Axolotl: An Amphibian With Two Forms


Axolotl

The name axolotl was first given to a dark, yellow-spotted, gilled salamander found in some lakes around Mexico City.

At the time it was named, it was thought that the creature spent all its life in the water and it was considered to be a normal species of salamander until around 1865. About this time, several specimens were received in a zoological garden in Paris.

Shortly after their arrival, an interesting series of events occurred.

The axolotls mated; laid eggs which duly hatched into small gilled salamanders-thus far all normal enough. Then a peculiar thing happened. Some of the Young axolotls lost their gills, underwent a few other changes and came out on land.
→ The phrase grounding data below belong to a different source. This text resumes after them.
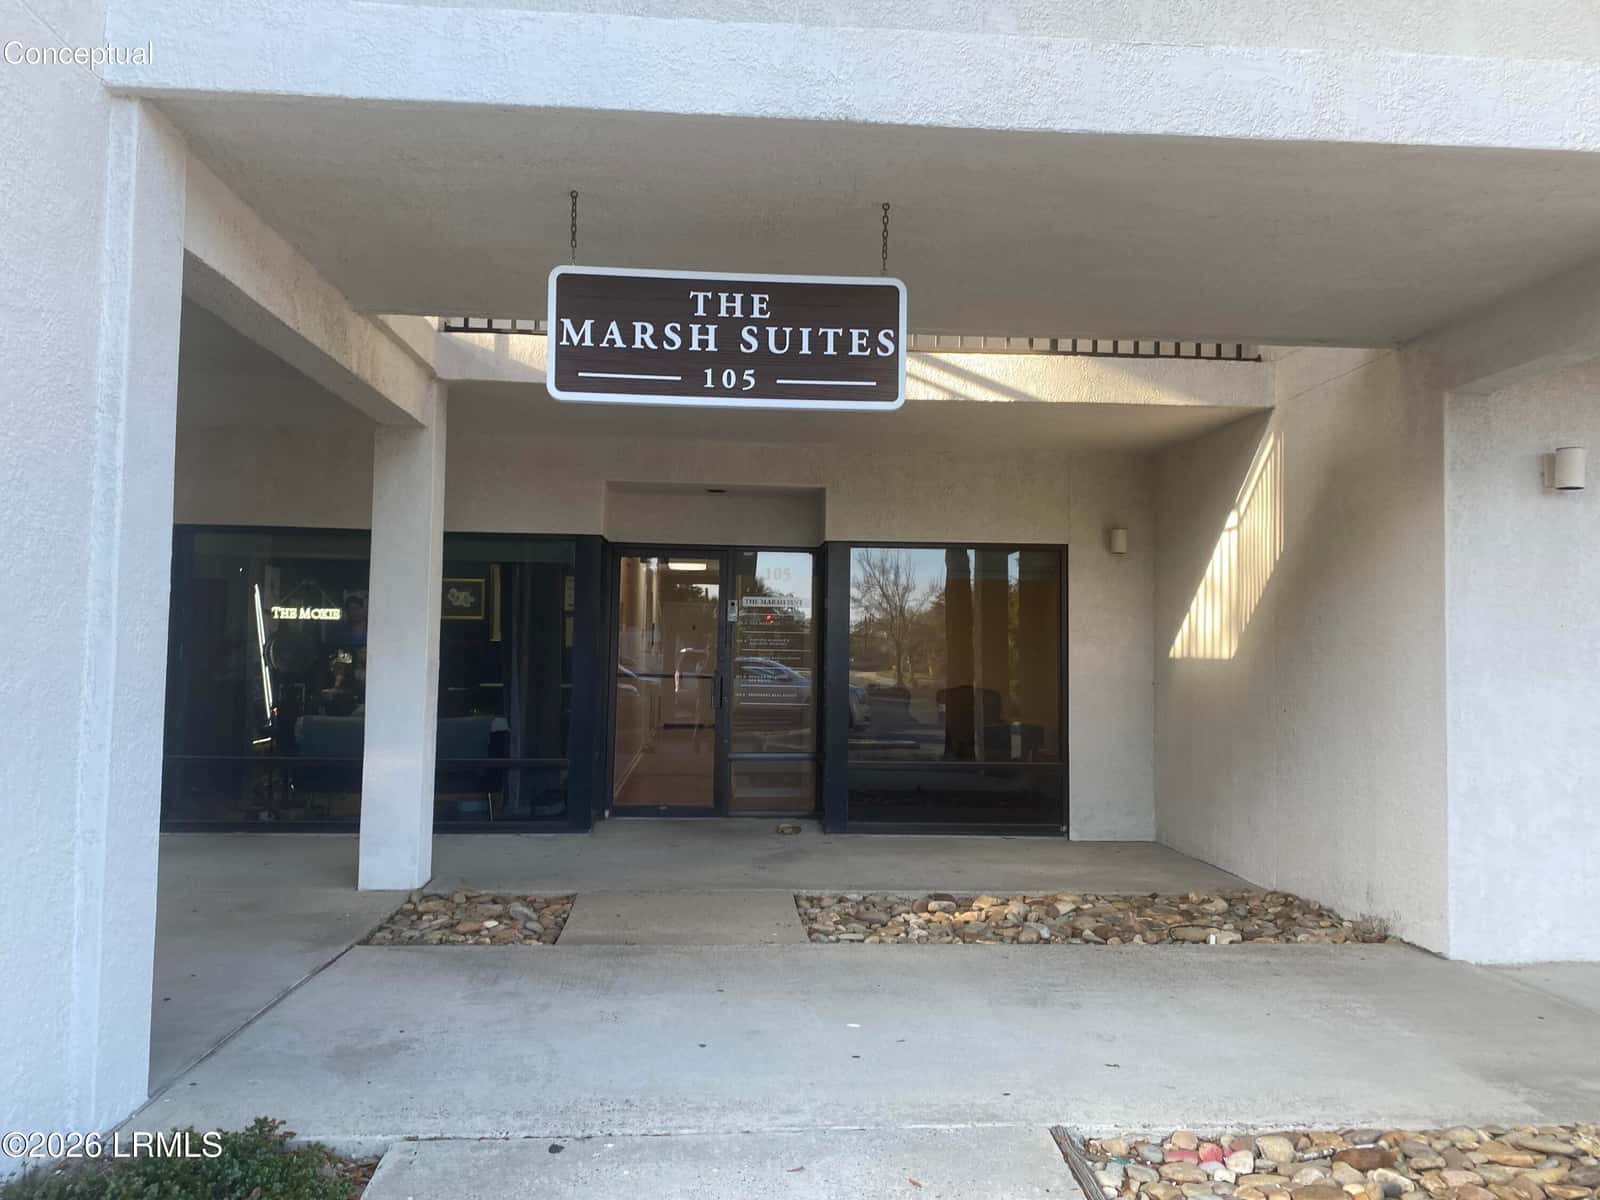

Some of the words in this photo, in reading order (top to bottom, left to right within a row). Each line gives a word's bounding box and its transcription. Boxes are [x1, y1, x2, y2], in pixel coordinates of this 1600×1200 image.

[689, 291, 771, 319] THE
[559, 318, 719, 353] MARSH
[739, 326, 896, 357] SUITES
[703, 367, 757, 391] 105
[766, 568, 792, 581] 105
[271, 605, 298, 620] THE
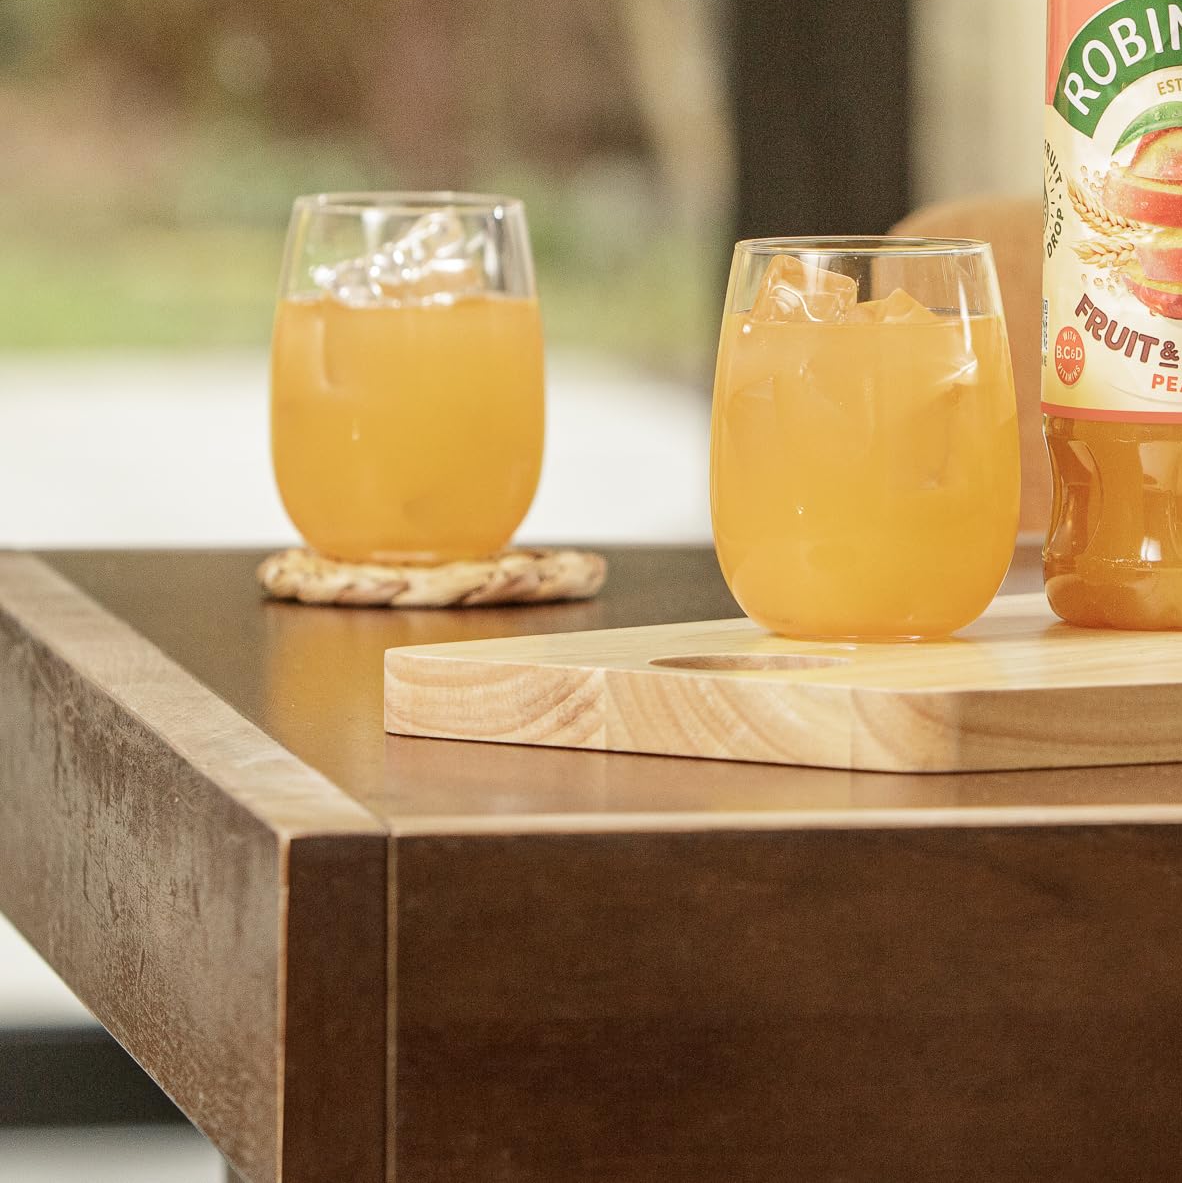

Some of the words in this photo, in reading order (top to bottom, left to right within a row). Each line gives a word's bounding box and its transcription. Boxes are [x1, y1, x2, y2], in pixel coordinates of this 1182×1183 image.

[1046, 208, 1064, 259] DROP
[1063, 330, 1077, 343] WITH
[1074, 293, 1160, 364] FRUIT
[1159, 340, 1180, 369] &
[1057, 362, 1081, 382] VITAMINS
Study revealed that these transformed axolotls were simply tiger salamanders, identical with or similar to a species common in many parts of the United States. But the disappointment the zoo director and his staff may have experienced in seeing a valuable exhibit transform into a very common species was more than compensated for by the intensely interesting discovery that the axolotl was actually the larval form of a well-known salamander.

The most amazing part of the whole discovery, of course, was the fact that under other environmental conditions these immature forms actually reproduced. In some regions, that is, the sexual organs of the axolotl become mature and capable of reproduction, though it retains all the other features of the larval forms. In other regions and this is what happened in the Paris Zoo-the larvae develop into tiger salamanders and come out on land before they reproduce. The process of reproduction in the larval form is so seldom encountered that it makes the axolotl one of the most amazing vertebrates in the whole animal kingdom.